Kunjungan kerja Inspektur Jenderal Kementerian Kebudayaan di Balai Pelestarian Kebudayaan Wilayah XIX Sulawesi Selatan berlangsung hari ini dengan penuh semangat dan diskusi konstruktif. Dalam kunjungannya, beliau bertemu langsung dengan seluruh pegawai untuk memberikan arahan terkait pembangunan Zona Integritas menuju Wilayah Bebas dari Korupsi di lingkungan kerja Balai Pelestarian Kebudayaan Sulawesi Selatan.
Pada kesempatan tersebut, turut dibahas berbagai kesiapan dan langkah strategis yang telah dilakukan dalam mewujudkan tata kelola kerja yang profesional, transparan, akuntabel, serta berorientasi pada pelayanan publik yang berkualitas. Diskusi berlangsung hangat dengan berbagai masukan dan motivasi bagi seluruh pegawai dalam memperkuat komitmen pembangunan Zona Integritas.
Setelah sesi arahan, Inspektur Jenderal Kementerian Kebudayaan melakukan peninjauan ke setiap ruangan kerja untuk melihat langsung fasilitas, suasana kerja, serta berdiskusi lebih lanjut dengan para pegawai mengenai pelaksanaan tugas dan pelayanan di lingkungan Balai Pelestarian Kebudayaan Wilayah XIX Sulawesi Selatan.
Kegiatan kemudian dilanjutkan dengan penanaman pohon di lingkungan kantor Balai Pelestarian Kebudayaan Sulawesi Selatan sebagai simbol komitmen terhadap pelestarian lingkungan dan keberlanjutan warisan budaya untuk generasi mendatang.
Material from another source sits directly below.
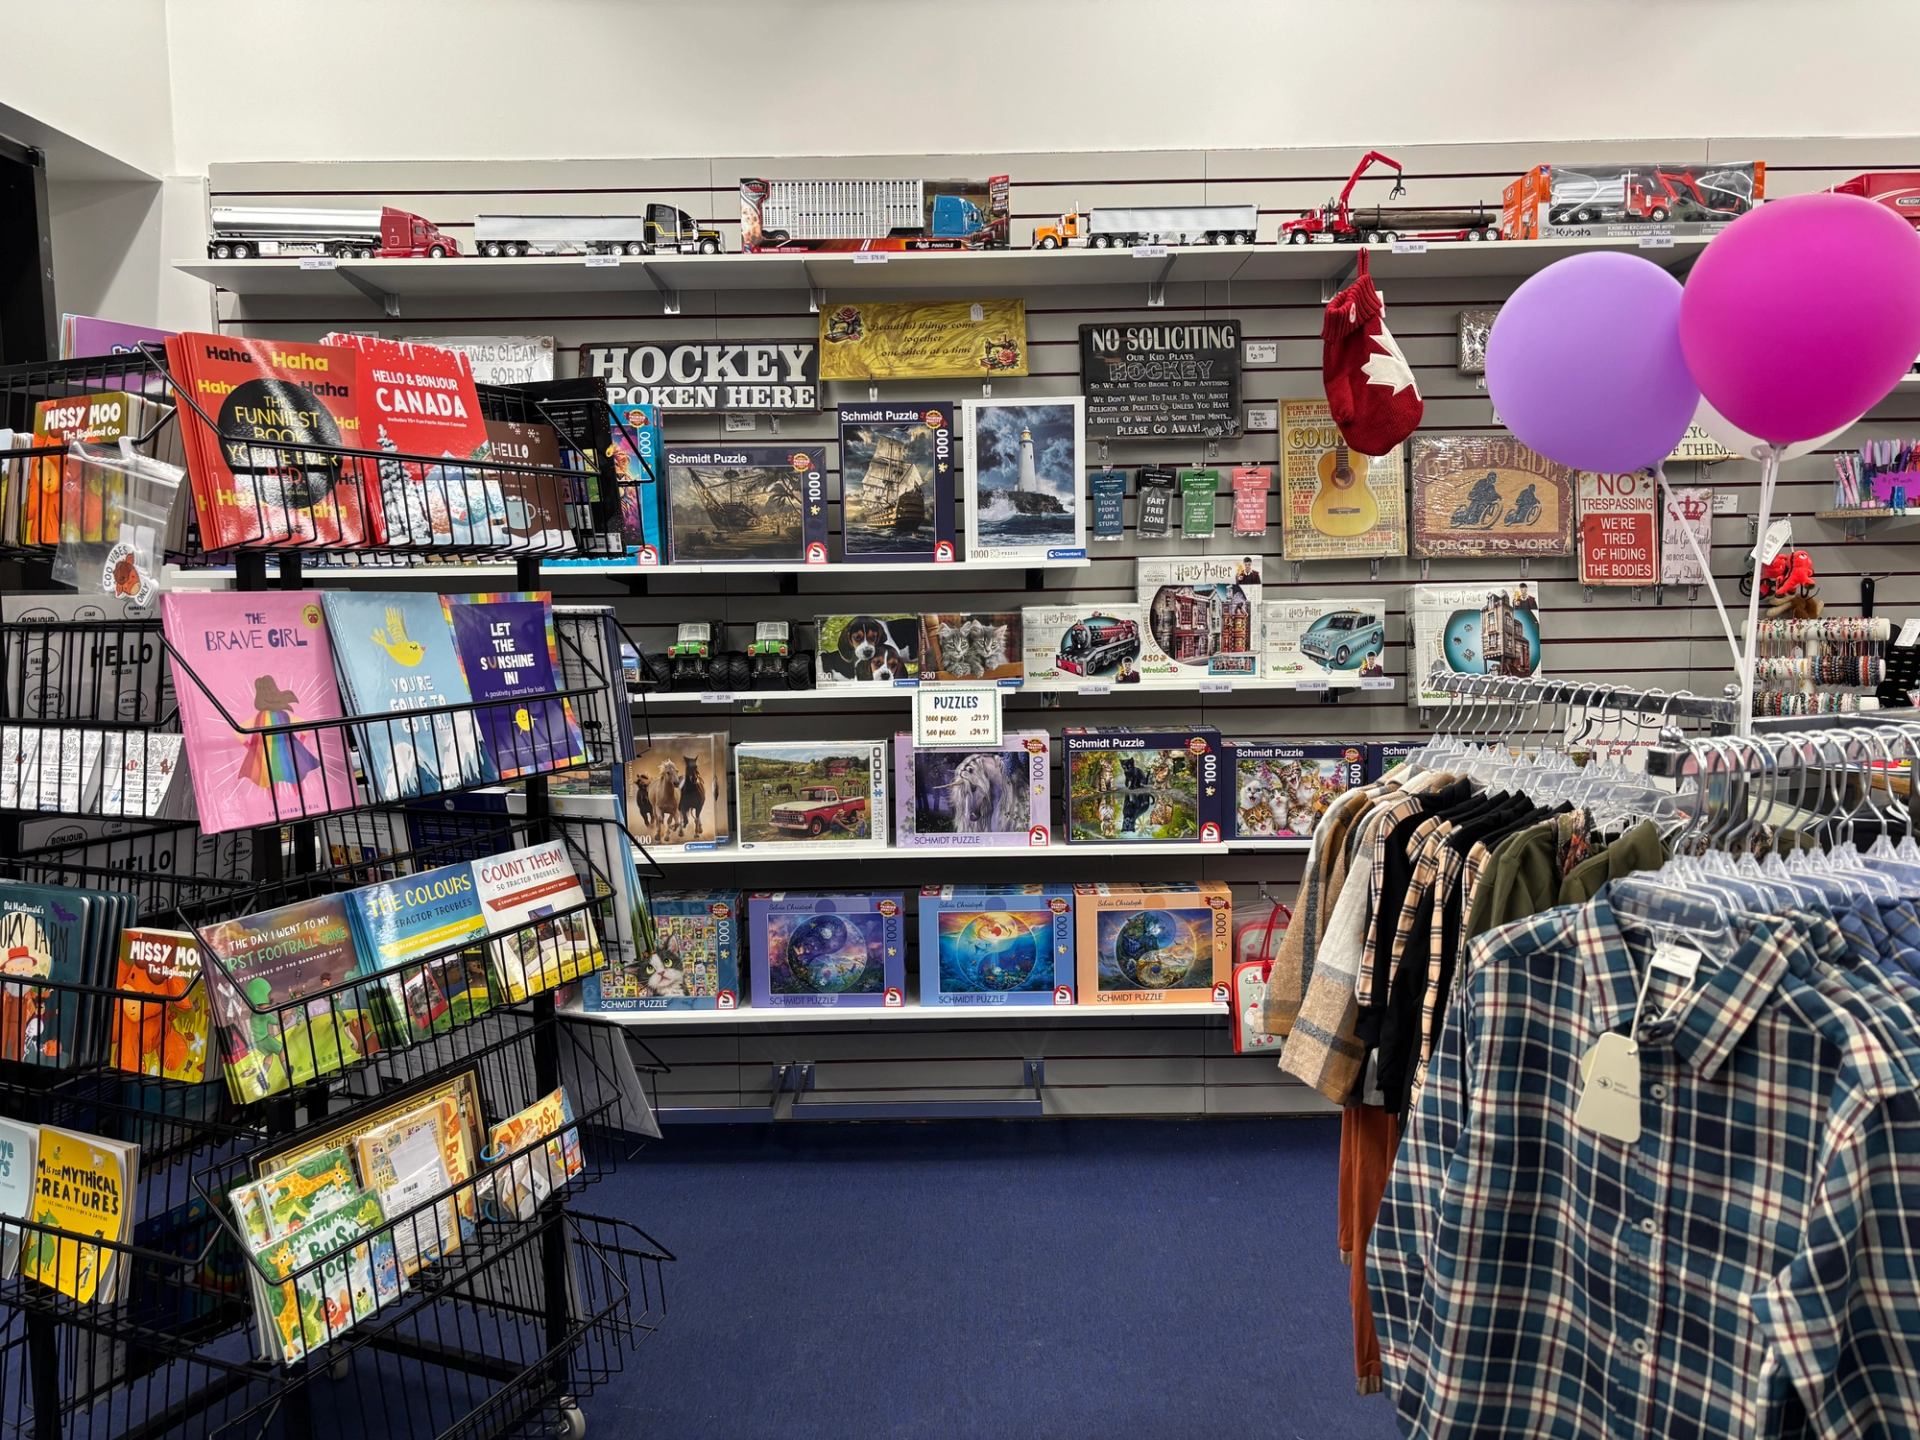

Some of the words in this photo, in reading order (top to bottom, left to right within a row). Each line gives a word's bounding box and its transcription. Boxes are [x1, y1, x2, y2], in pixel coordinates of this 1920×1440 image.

Selanjutnya, rombongan melakukan kunjungan ke KM Diponegoro, yang merupakan Cagar Budaya Nasional yang baru saja ditetapkan pada akhir tahun lalu. Kunjungan ini menjadi bagian dari upaya melihat langsung potensi serta pelestarian warisan budaya yang memiliki nilai penting sejarah bangsa.
Agenda berikutnya berlangsung di Benteng Rotterdam dengan mengunjungi ruang informasi serta berdiskusi mengenai pelestarian dan pengelolaan cagar budaya. Kegiatan ini menjadi momentum penting dalam memperkuat sinergi dan komitmen bersama untuk menjaga, melestarikan, dan memanfaatkan warisan budaya bagi generasi mendatang.